Let’s take a look at how they apply to marketing research:

  1. Prior Literature: Market research is itself an applied science in that we are taking knowledge of more basic research to address specific business objectives. We don’t have the same sorts of issues in hypothesis development that Carney, Cuddy, and Yan (2010) possessed. These objectives don’t exist as theoretical constructs derived from supporting literature; instead, they are (ideally) concrete objectives about needed learnings and insights(e.g., how to expand user base by…). Additionally, the business objectives and the approach we take also may dictate the analysis we conduct (and minimize p-hacking via inferential statistics).

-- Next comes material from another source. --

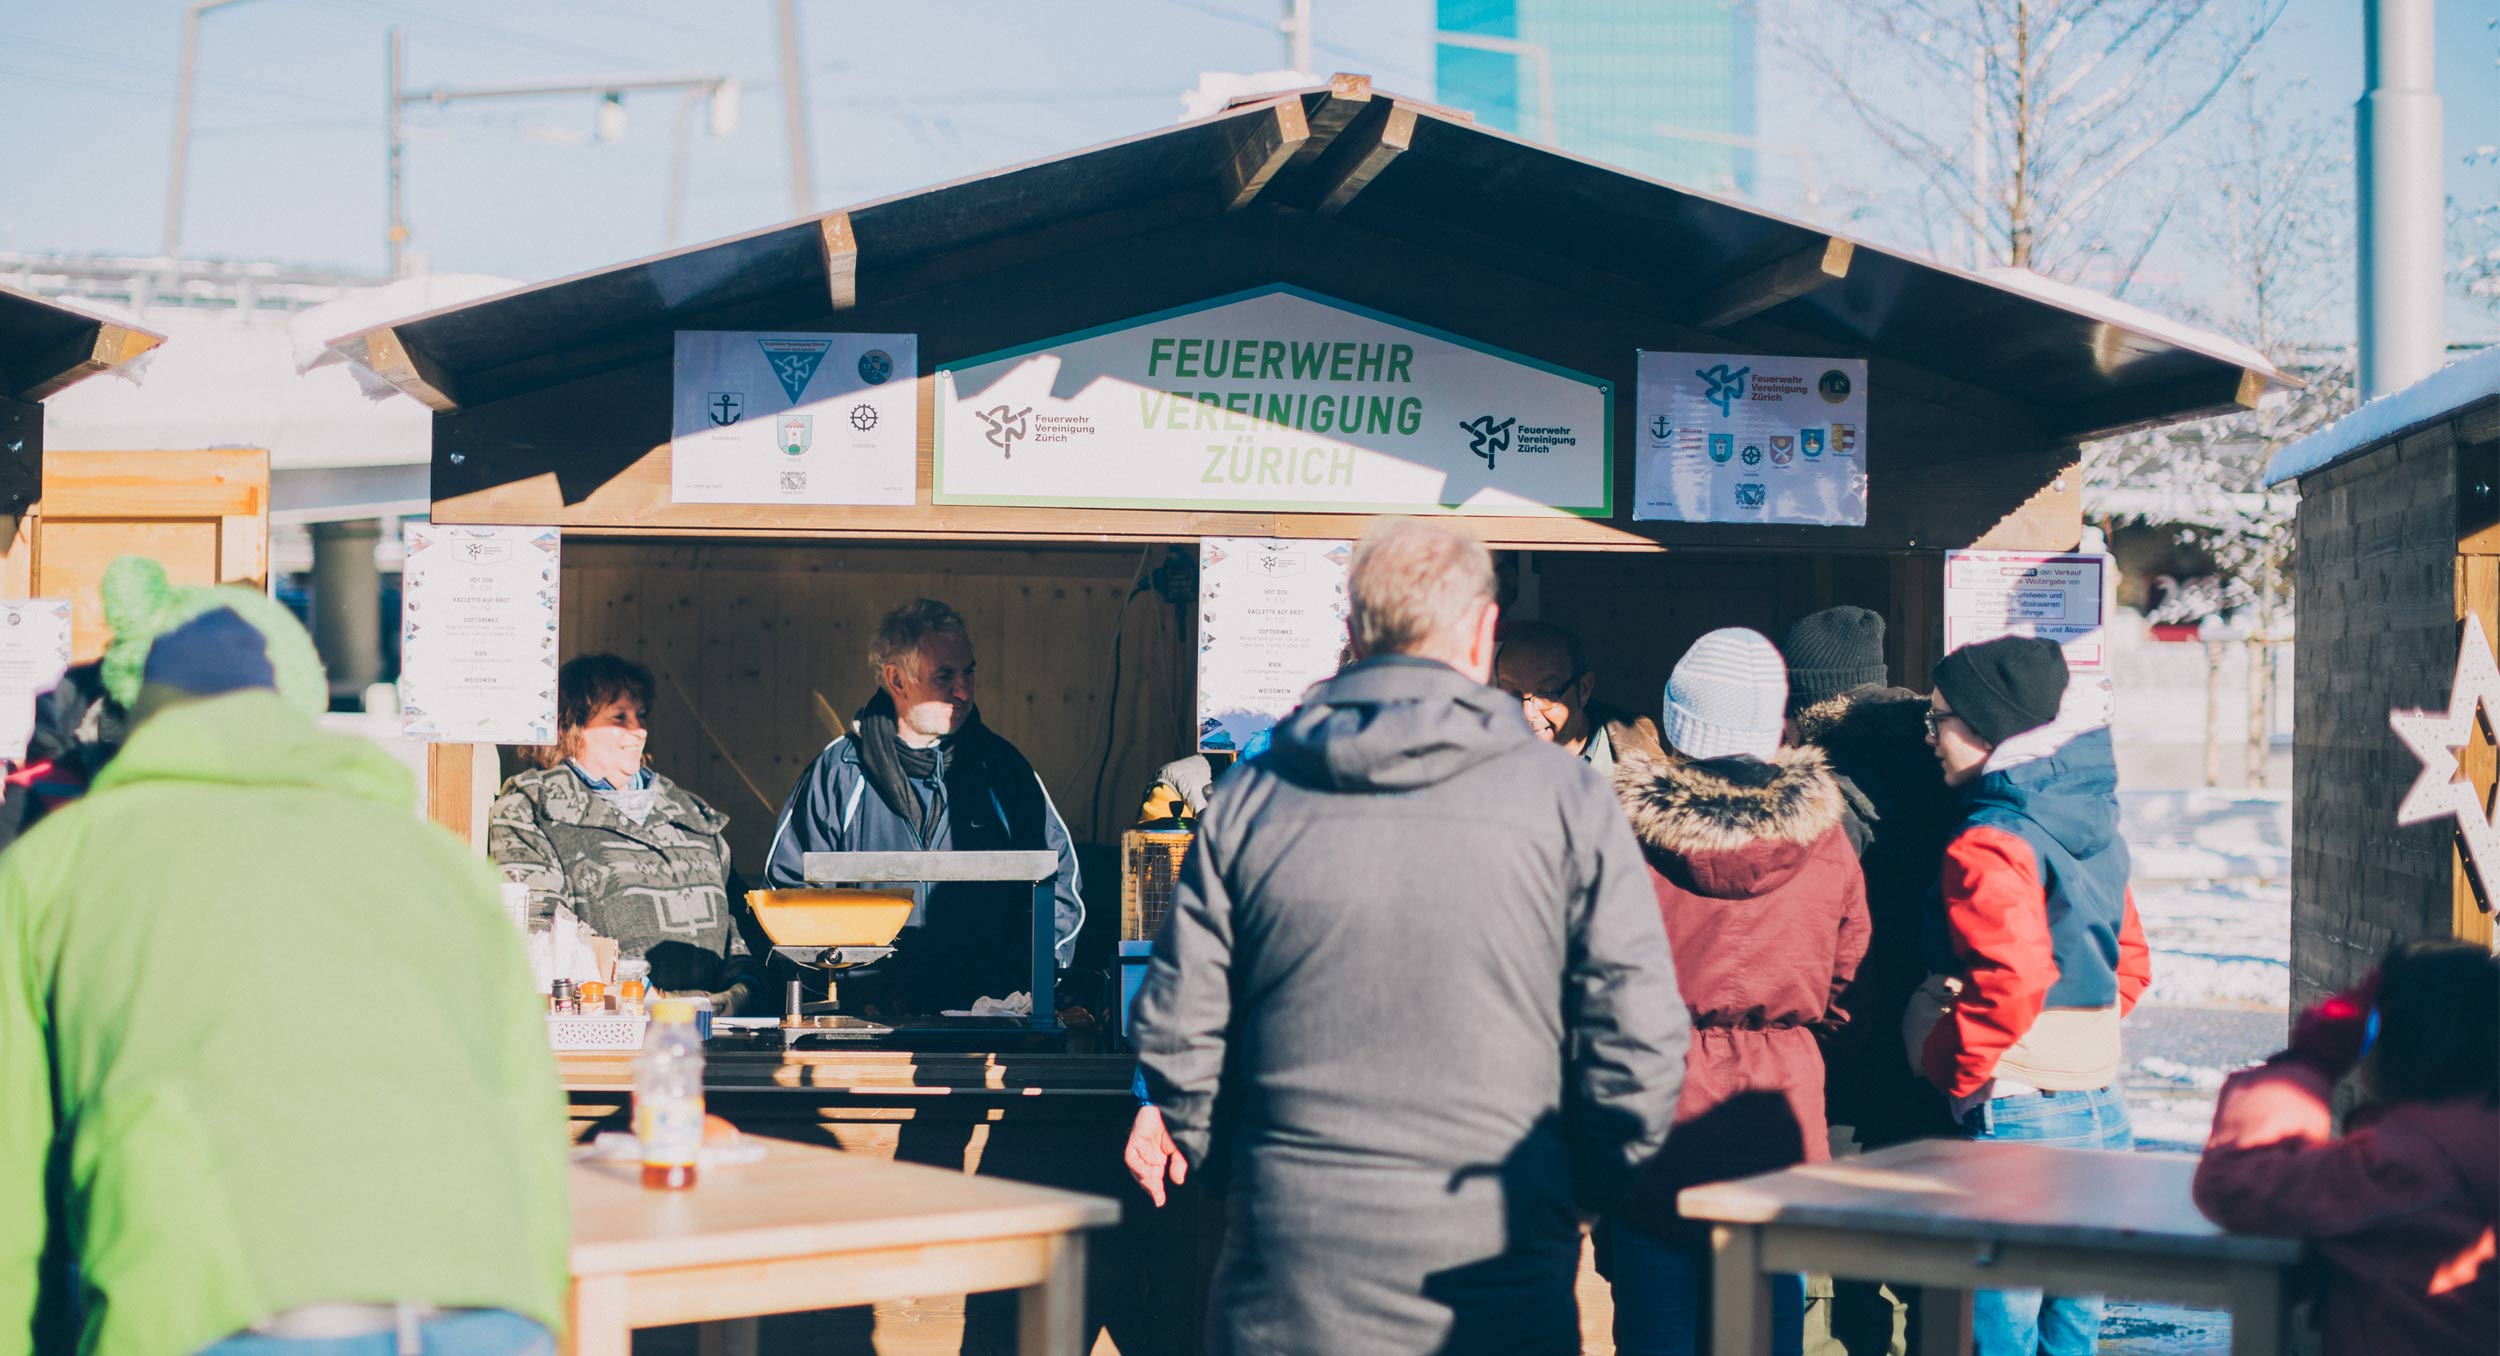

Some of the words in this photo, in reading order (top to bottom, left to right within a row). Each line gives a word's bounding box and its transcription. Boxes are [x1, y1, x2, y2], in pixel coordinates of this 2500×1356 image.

  2. Sample Sizes. This is an area where we can have huge issues, especially when we start tabulating by demos, psychographic segments, and other factors. We’ve all had that client that wants to know why men aged 25 to 27 who are in Segment X don’t like our product (where the N = 8). Or we want to get a read on our target segments. Or worse yet, taking qualitative findings as hard facts rather than the directional assessments they are. To quote Mad-Eye Moody: constant vigilance! [is required]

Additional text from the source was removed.